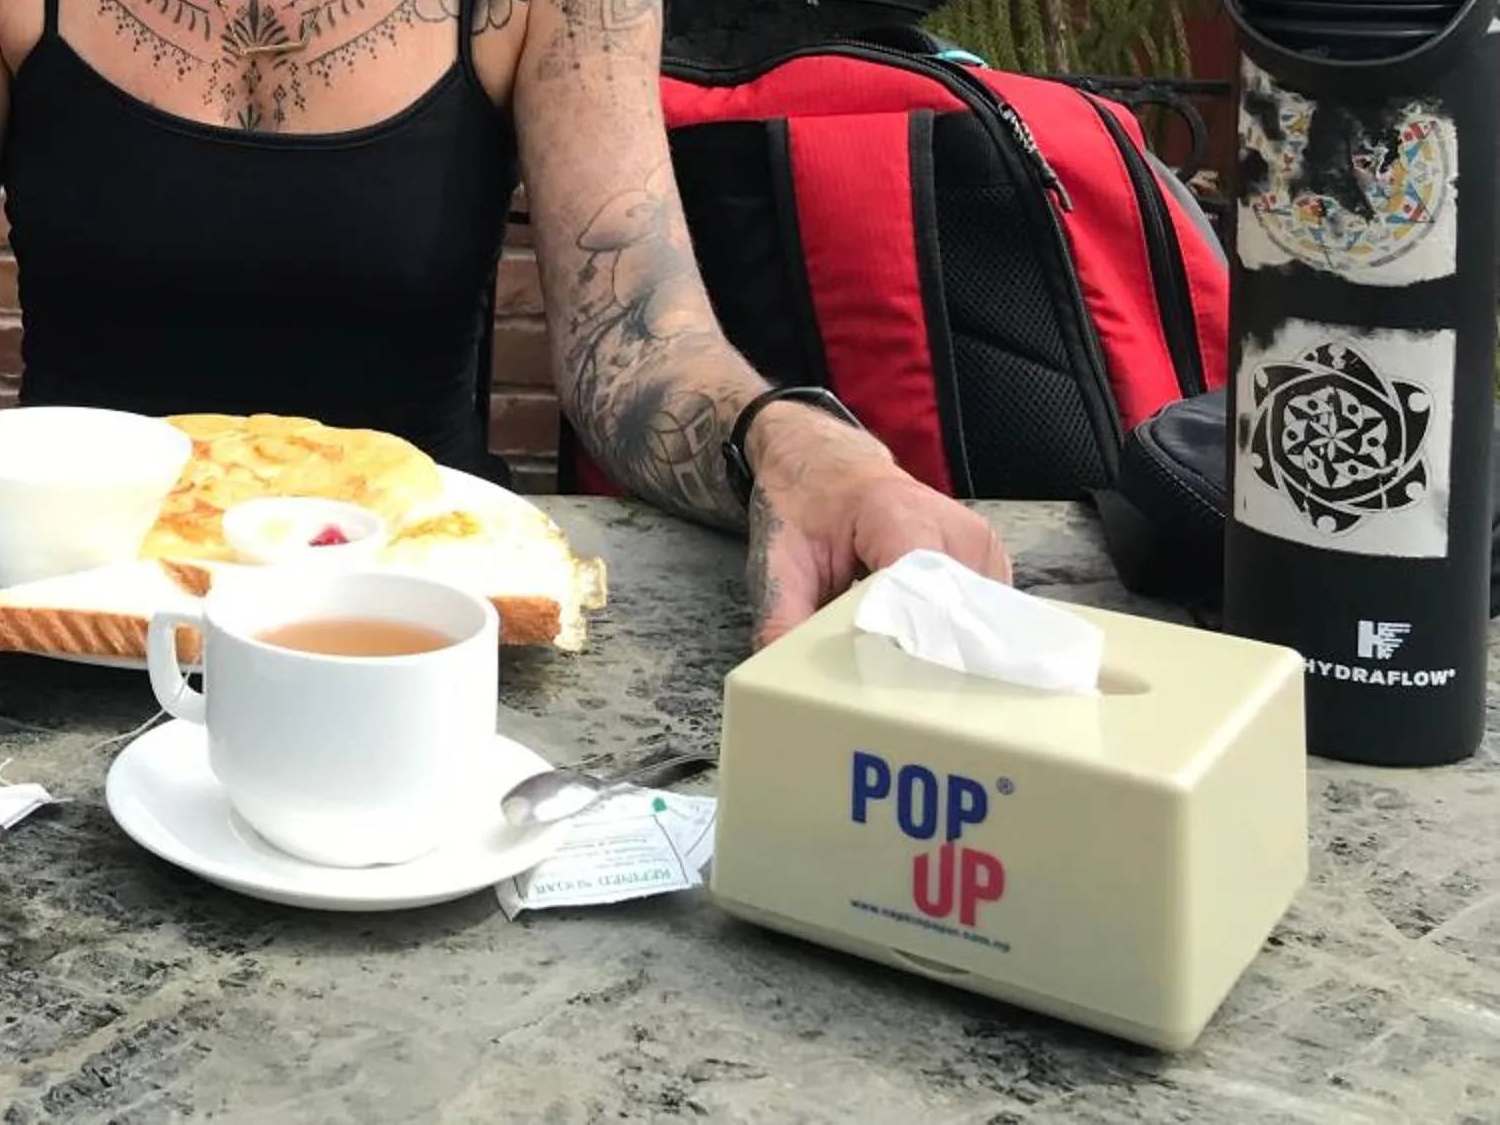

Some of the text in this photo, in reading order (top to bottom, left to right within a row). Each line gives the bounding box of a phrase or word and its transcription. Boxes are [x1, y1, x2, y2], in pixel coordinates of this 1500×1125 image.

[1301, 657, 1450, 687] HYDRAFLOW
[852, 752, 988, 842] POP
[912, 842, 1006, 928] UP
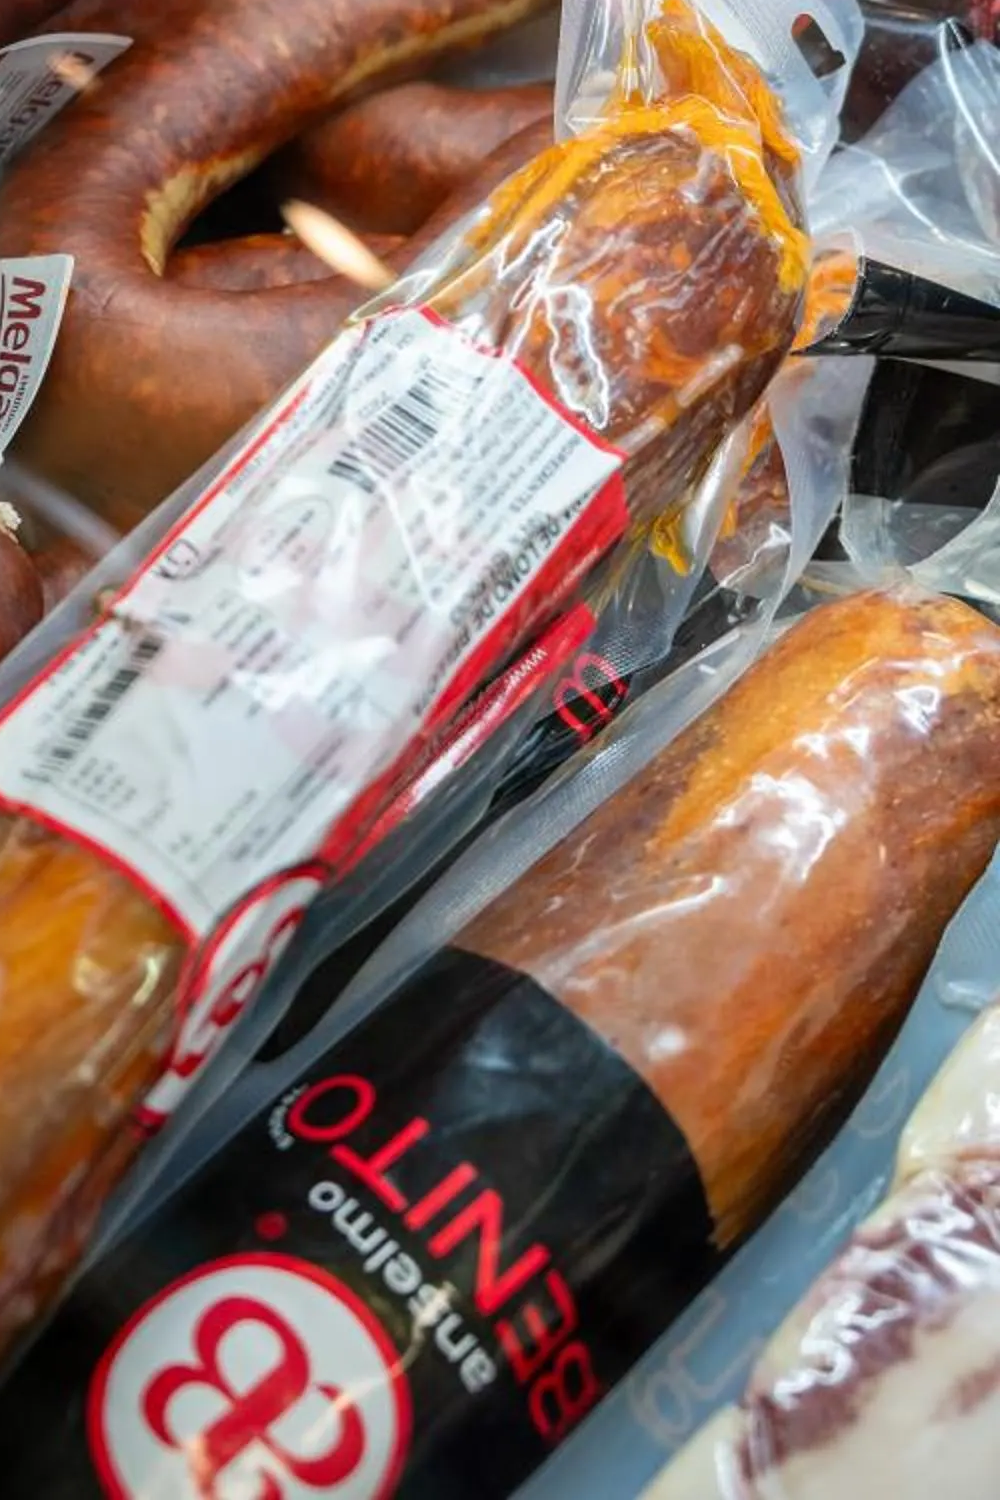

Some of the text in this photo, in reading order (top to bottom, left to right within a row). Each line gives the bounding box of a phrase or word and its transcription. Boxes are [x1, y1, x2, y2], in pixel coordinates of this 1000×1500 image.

+--

**WORK INSTRUCTION**.
Return the listing above in full and unaltered. Keep the pictures out.

**SOLUTION FOR THIS EXERCISE**.
Some of the text in this photo, in reading order (top to bottom, left to right within a row). Each line gives the bounding box of a phrase or word and its transcription. Boxes are [x1, y1, x2, y2], in pixel coordinates of this 1500×1125 image.

[1301, 657, 1450, 687] HYDRAFLOW
[852, 752, 988, 842] POP
[912, 842, 1006, 928] UP

Some of the text in this photo, in reading order (top to bottom, left to right within a row). Each line gives the bounding box of a phrase or word and its transcription. Boxes are [x1, y1, x2, y2], in pixel coordinates of this 1000×1500 image.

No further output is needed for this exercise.